Tarek Bakri arranges for people to visit ethnically cleansed towns and villages.

Hadima Khaddash (left) took delight in being able to finally visit Jaffa’s seaside.

More than seven decades have passed since the Nakba, the 1948 ethnic cleansing of Palestine. The people expelled by Zionist forces at that time – if they are still alive – generally have an acute awareness about their dispossession.

So do their children and grandchildren.

The awareness has remained strong even though huge numbers of the Nakba’s victims have never visited the towns and villages from where they originate.

Most Palestinians living abroad – particularly those in refugee camps – are unable to visit Palestine. Some Palestinians – for example those who hold American or European passports – are a little more fortunate insofar as they have been able to make trips home.

Bakri, a researcher based in Jerusalem, has facilitated such visits.

He regularly receives old photographs from Palestinians uprooted during and after the Nakba or their descendants. Using basic information, he sets out to find the homes of these families.

In many cases, he and his team have then arranged for people to see their homes.

Nasser al-Daqaq is among those whom they have assisted. A Palestinian American, Nasser initially met Bakri when the historian gave a lecture in Kuwait during 2016. Following the presentation, they chatted about Nasser’s family home, built in Jerusalem around 1890.

The house belonged to Nasser grandfather Chakib. But Nasser had never seen it himself.

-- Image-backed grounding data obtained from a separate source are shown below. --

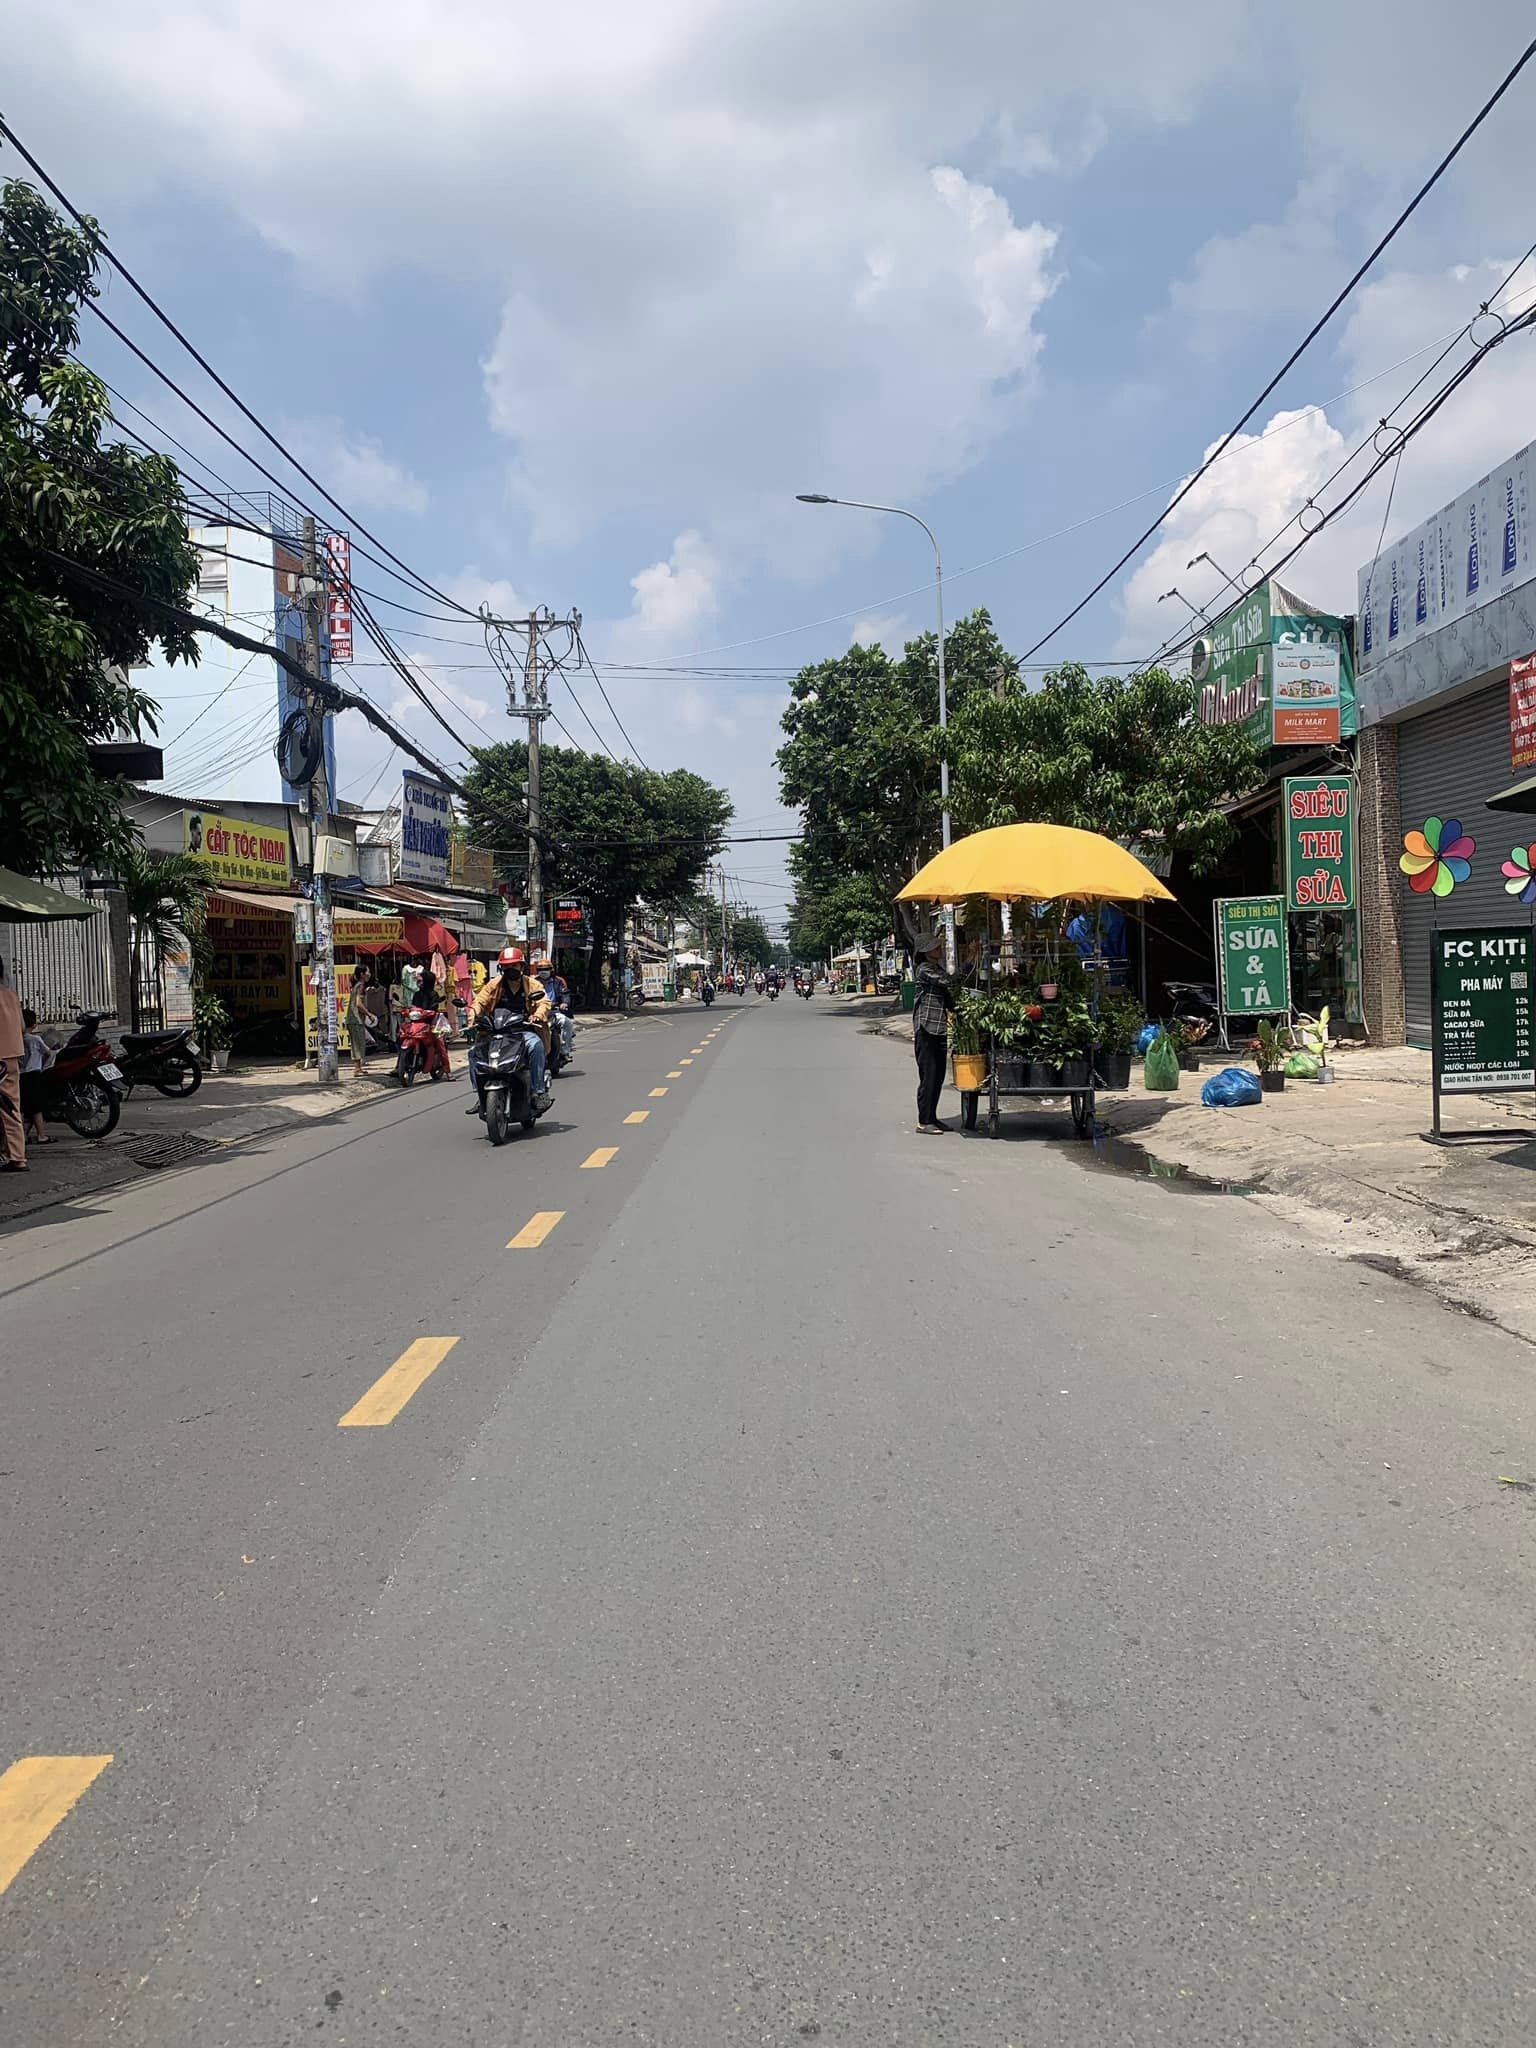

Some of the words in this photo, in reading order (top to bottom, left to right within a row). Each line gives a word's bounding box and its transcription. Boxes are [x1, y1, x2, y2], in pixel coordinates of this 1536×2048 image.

[1506, 477, 1514, 519] KING
[1469, 504, 1478, 543] KING
[1508, 520, 1517, 562] LION
[1471, 546, 1479, 590] LION
[1213, 633, 1230, 670] Siêu
[1232, 613, 1246, 655] Thị
[1247, 605, 1263, 641] Sữa
[1305, 718, 1328, 726] MART
[1290, 782, 1348, 819] SIÊU
[207, 819, 231, 856] CẮT
[233, 829, 257, 860] TÓC
[259, 838, 285, 865] NAM
[1298, 831, 1343, 864] THỊ
[1296, 869, 1346, 905] SỮA
[1248, 905, 1261, 918] THỊ
[1229, 926, 1279, 950] SỮA
[1443, 941, 1474, 958] FC
[1246, 954, 1264, 975] &
[1240, 979, 1273, 1007] TẢ
[1460, 978, 1481, 991] PHA
[1482, 974, 1503, 991] MÁY
[1443, 1021, 1468, 1029] CACAO
[1443, 1031, 1459, 1039] TRÀ
[1466, 1062, 1486, 1071] NGỌT
[1487, 1060, 1502, 1069] CÁC
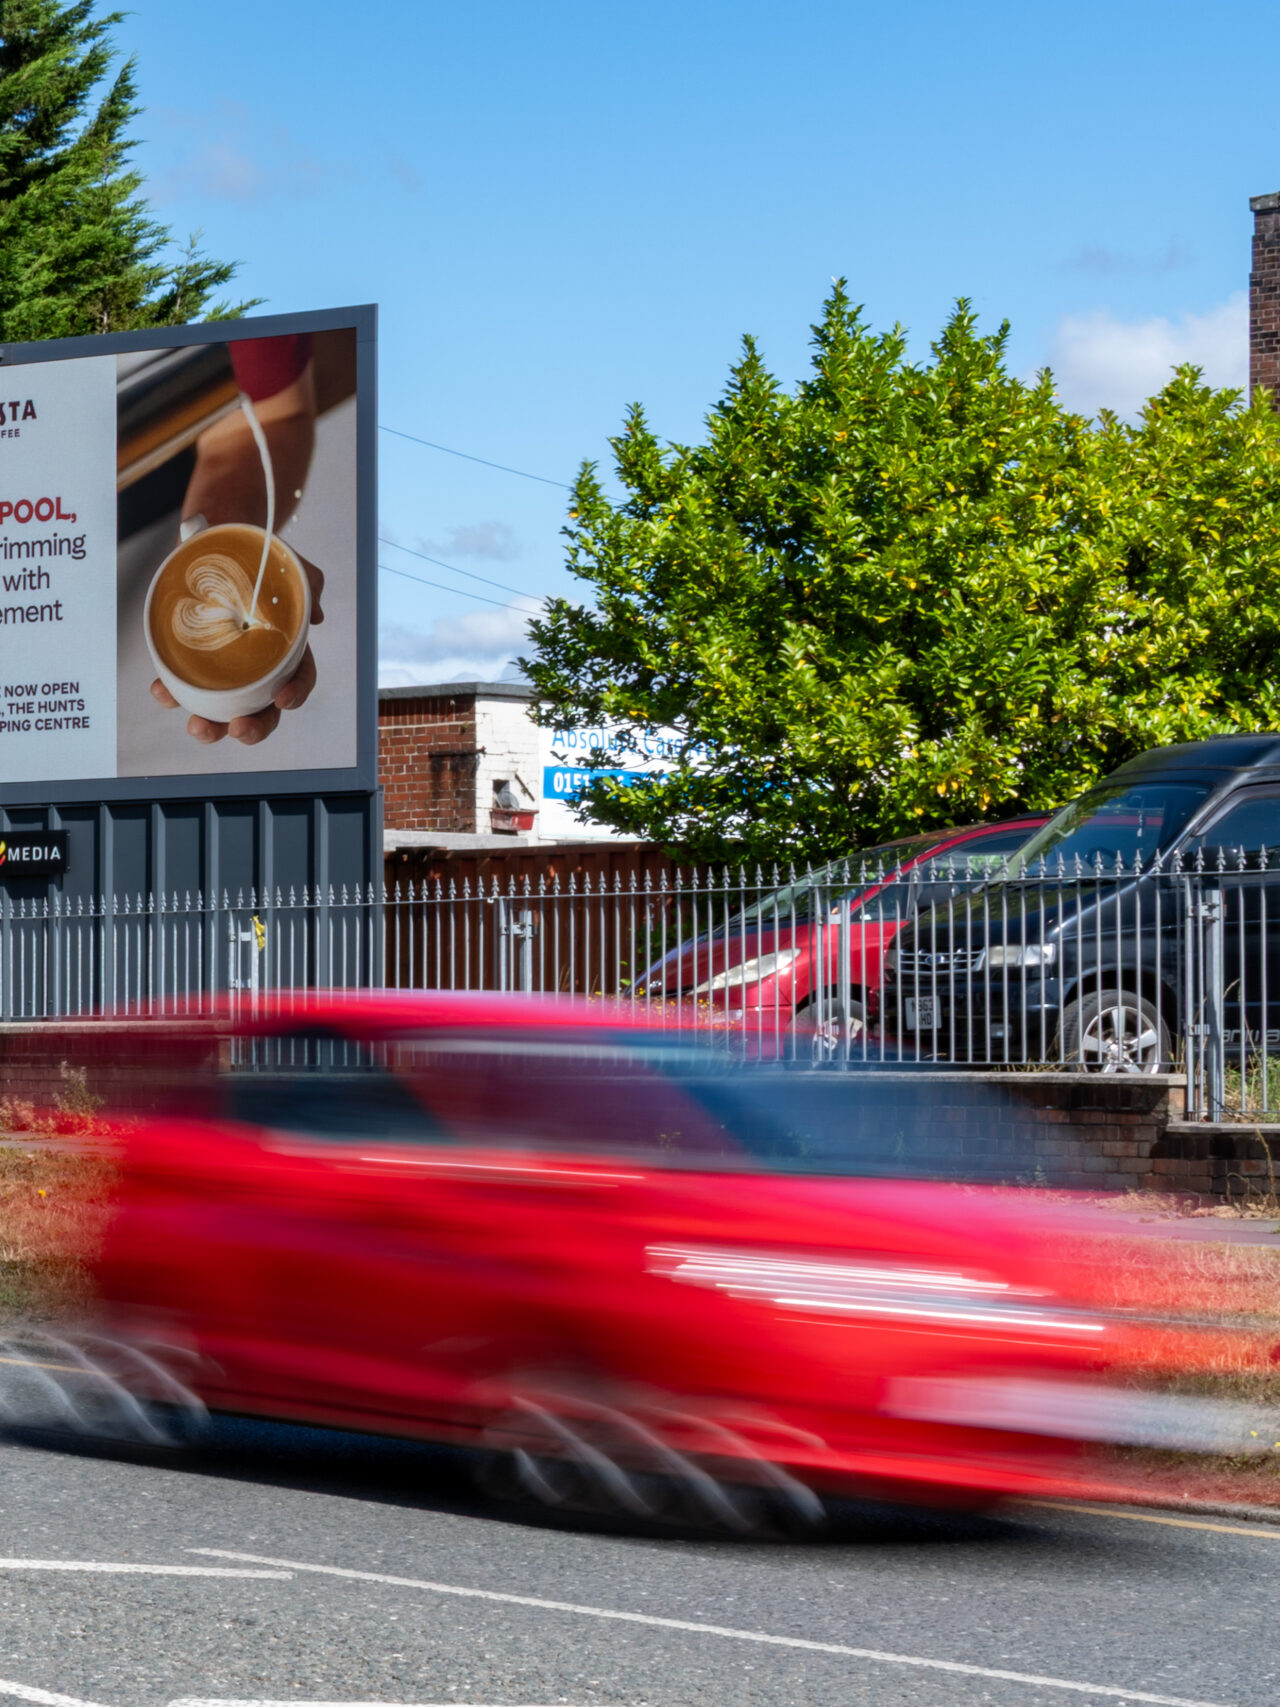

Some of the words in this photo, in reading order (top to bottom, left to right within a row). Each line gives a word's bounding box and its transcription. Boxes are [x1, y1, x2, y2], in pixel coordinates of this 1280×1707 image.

Bakri asked Nasser to send him a photograph of the house. He promised Nasser to help the family locate it any time they were in Jerusalem.

Later that year, Nasser and two of his children – Khaled and Yasmine – made a trip to Jerusalem.

With Bakri, they set out to find the house in the city’s al-Baqaa neighborhood.

“After searching, we found the house on a side street,” Bakri told The Electronic Intifada.

“It was a huge three-story building, with a very beautiful garden and a tree over 100 years old. I could see great happiness on the faces of Nasser, Khaled and Yasmine. They said the house was nicer than houses in America.”